Evidentemente, Frank odia a su nuevo amigo. ¡Cómo haríamos todas las personas sensatas, por mucho que viviéramos en un futuro próximo en que los robots fueran aceptados como animal de compañía! Y, sin embargo, el robot pronto empezará a mostrar unas actitudes y unas aptitudes que llevarán a Frank no solo a replantearse sus recelos primigenios acerca de su utilidad y conveniencia, sino incluso a… bueno… a lo que sea que tenga que pasar y que termine de dibujarnos a un Frank absolutamente nuevo, diferente, sorprendente y, sobre todo, humano. Profundamente humano. Un Frank que carga con sus miserias y sus grandezas.
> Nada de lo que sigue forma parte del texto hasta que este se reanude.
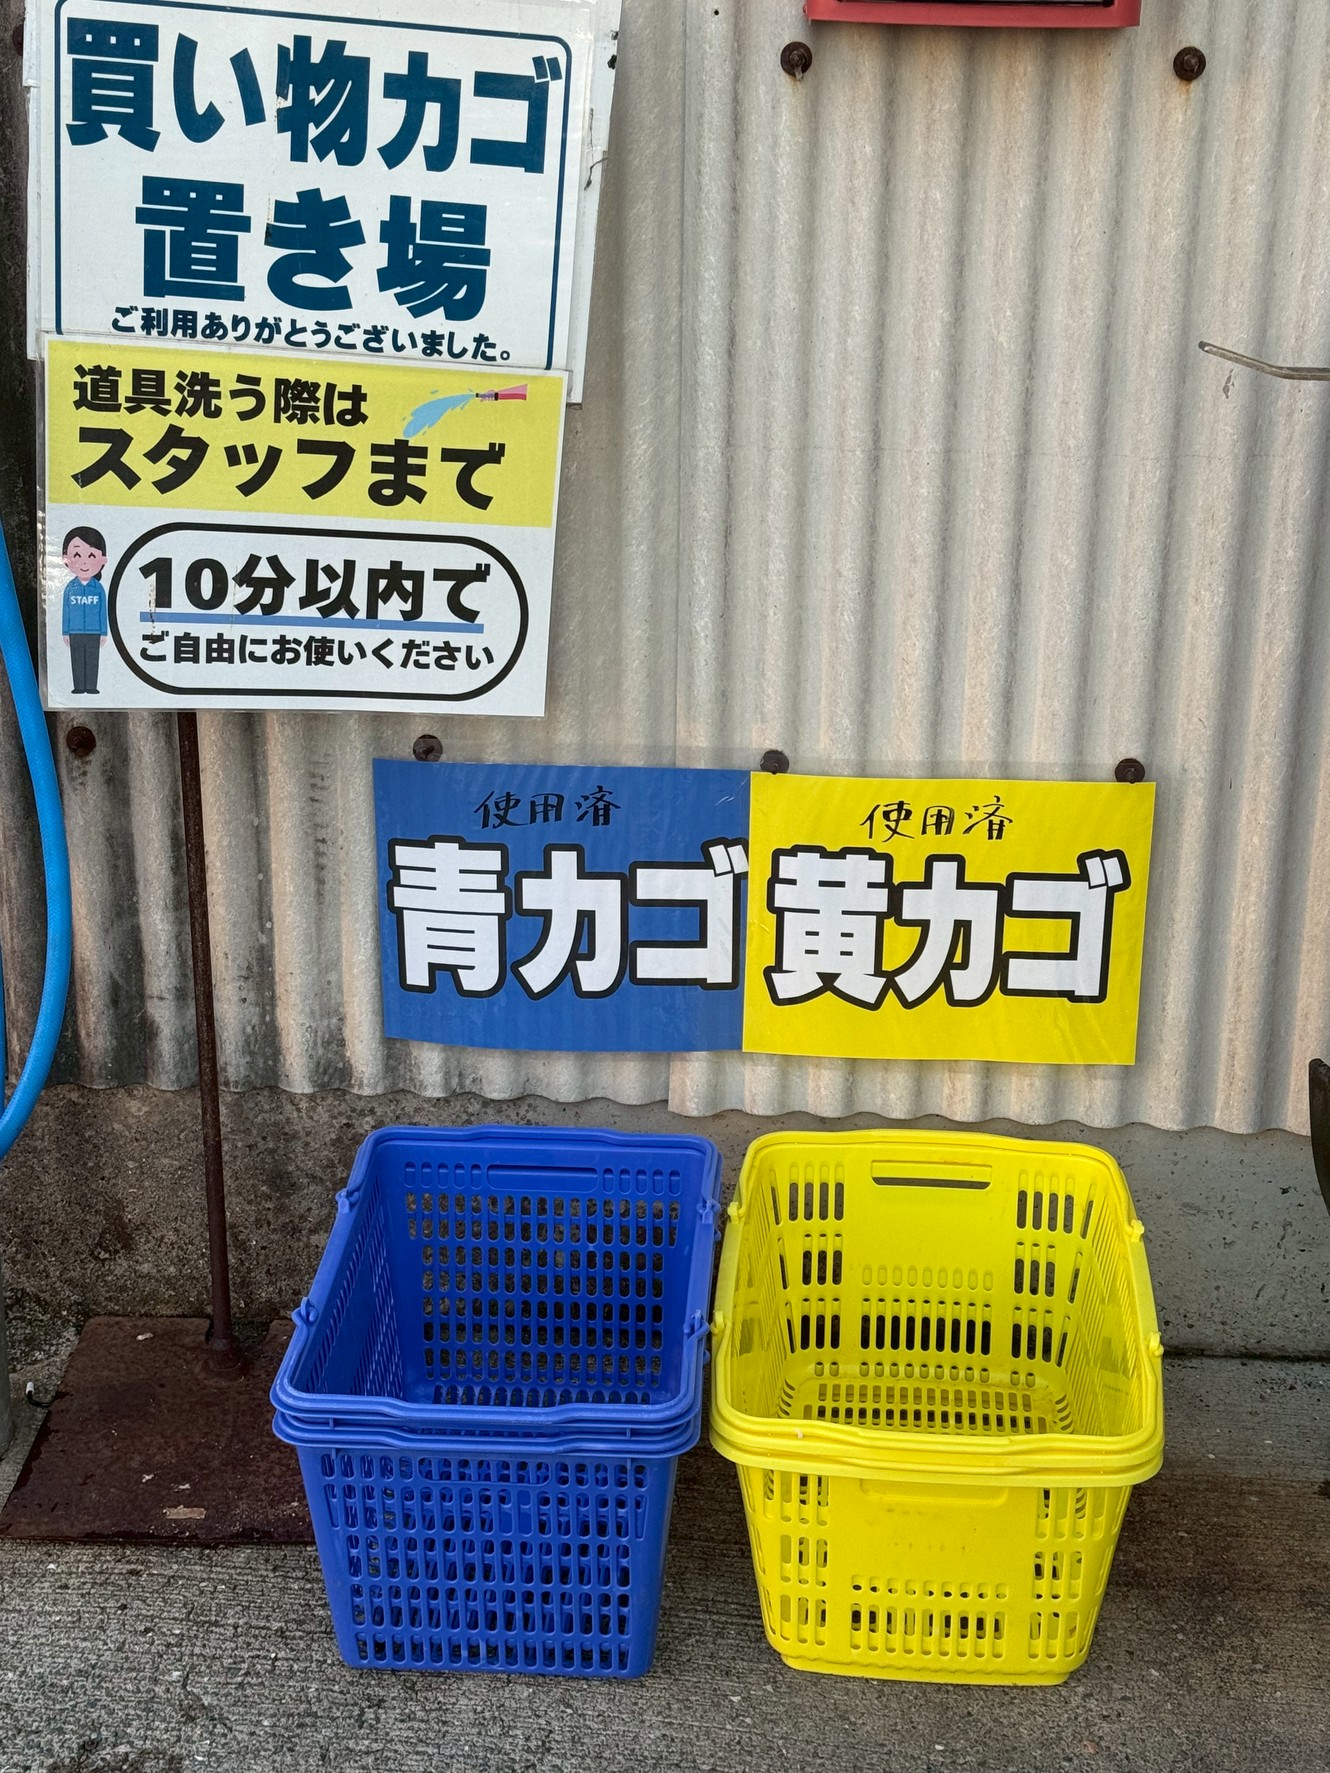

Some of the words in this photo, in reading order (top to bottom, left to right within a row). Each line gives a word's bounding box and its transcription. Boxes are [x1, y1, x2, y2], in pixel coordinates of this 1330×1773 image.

Y con el peso de un pasado demasiado lejano que contrasta con un futuro tan cercano como incierto.

Un amigo para Frank Langella

La película, en apenas hora y media de deliciosa duración, además de mezclar sabiamente elementos cómicos y trágicos, manteniendo al espectador con una constante medio sonrisa en su rostro, plantea una interesante cuestión acerca de la importancia, cada vez mayor, de las amistades no humanas en nuestra vida. En la película es un robot, pero ¿cuántos de nosotros no tenemos más amigos virtuales que reales y nos sentimos más cómodos en relaciones cibernéticas que no físicas?

¿Tiene aspectos positivos o es sencillamente enfermiza, la cada vez mayor deshumanización de determinadas relaciones profesionales y/o personales?

Un amigo para Frank Robot

Cuestiones muy interesantes todas ellas sobre las que “Un amigo para Frank” hace reflexionar de una manera muy sencilla y para nada ampulosa y que convierte a la película en una grata sorpresa de la cartelera pre-veraniega, que no tardará en verse asaltada por superhéroes de los más distintos pelajes y por cutre comedias sin gracia alguna.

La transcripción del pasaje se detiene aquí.